The ‘diabolical demons’ are now one step away from winning the day.

The Trust has issued its community share prospectus which gives greater detail of the bid, calling in the 2,000 £1000 pledges made already by fans and opening the offer to any one who cares to contribute more. Fans can pledge as individuals or syndicates, the current number of pledges representing a far larger number of fans than 2,000 as many clubs, families, websites etc have formed syndicates. It is a mammoth effort so far but hasn’t stopped there.

The Trust’s community share initiative represents the majority of the bid, with the money raised going to the running costs of the club along with other income streams, including gate money, parachute payments, TV money and merchandising as well as other income. In effect, the balance of power will be determined by the number of community shares held by Trust members. It is intended that this element of the bid will ultimately represent at least 51% of the shareholding in the club. In effect, the balance of power will be determined by the number of community shares held by Trust members. Initially the Trust will have three representatives on the future Board of the club.

The actual purchase of the club is funded by ordinary shares bought by Pompey fans who are able to put in considerably more than £1,000. They form two groups in partnership with the Trust. Those who have put in five figure sums will have one representative on the Board, those who have put in six figure sums will have the chair and two other representatives on the Board. Money from these individuals is already in escrow and will form the money for the purchase of the club, along with input from the bid’s business partner, local property developer Stuart Robinson.

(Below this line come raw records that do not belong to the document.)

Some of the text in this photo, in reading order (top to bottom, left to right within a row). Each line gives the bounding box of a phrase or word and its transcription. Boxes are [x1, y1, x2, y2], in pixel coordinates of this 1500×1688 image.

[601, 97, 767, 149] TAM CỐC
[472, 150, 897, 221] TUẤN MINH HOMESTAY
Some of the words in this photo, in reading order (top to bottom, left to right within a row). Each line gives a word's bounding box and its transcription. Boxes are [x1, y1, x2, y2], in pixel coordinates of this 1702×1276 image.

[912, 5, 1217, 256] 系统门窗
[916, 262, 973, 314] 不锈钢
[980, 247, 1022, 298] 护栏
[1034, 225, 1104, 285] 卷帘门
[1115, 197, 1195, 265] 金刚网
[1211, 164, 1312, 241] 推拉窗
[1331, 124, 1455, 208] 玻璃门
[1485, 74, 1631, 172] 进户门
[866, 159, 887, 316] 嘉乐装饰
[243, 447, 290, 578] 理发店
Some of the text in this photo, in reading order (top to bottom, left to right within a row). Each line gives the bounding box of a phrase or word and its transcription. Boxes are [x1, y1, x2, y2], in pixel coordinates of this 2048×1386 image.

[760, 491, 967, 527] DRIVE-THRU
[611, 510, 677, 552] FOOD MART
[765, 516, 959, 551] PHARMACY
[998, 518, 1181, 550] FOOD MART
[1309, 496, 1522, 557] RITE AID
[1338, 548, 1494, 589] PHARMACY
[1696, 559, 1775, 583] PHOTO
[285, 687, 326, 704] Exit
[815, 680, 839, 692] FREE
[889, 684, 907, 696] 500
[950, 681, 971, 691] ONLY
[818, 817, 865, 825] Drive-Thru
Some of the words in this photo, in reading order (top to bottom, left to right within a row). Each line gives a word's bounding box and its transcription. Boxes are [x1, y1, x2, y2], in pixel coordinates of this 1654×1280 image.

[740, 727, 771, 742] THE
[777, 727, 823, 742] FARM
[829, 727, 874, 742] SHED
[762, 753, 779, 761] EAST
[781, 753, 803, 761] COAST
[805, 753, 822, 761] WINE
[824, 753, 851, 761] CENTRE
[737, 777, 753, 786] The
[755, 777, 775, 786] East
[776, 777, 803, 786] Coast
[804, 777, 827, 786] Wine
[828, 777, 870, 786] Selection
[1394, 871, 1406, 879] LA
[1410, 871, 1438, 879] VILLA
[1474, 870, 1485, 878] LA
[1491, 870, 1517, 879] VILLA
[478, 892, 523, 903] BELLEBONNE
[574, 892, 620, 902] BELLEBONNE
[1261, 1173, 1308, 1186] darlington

The deal with Robinson has been carefully thought out as the area of land around the club – long held by Sacha Gaydamak as ransome in his dispute with Portpin – will be acquired by him with a view to development in parallel with the development of the club. Portsmouth City Council have long made it a condition of planning permission for any such development being dependent on the continued involvement of the Football Club in those plans. To this end, Robinson will also purchase Fratton Park, lease it back to the Trust on a favourable rent with a view to the club purchasing the ground back within five years. This deal has freed up the Trust’s capital for the running of the club with the aim of turning a profit by the end of year four.

The balance of the club’s board will be made up of the future CEO and a representative from the Trust’s solicitors, Verisona.

The deal is fully funded, approved by PKF and matches that recently ‘suspended’ by Portpin in every way. All those involved, including the entire Trust Board, are ‘fit and proper’ by the standards imposed by the Football League’s Owners and Directors Test.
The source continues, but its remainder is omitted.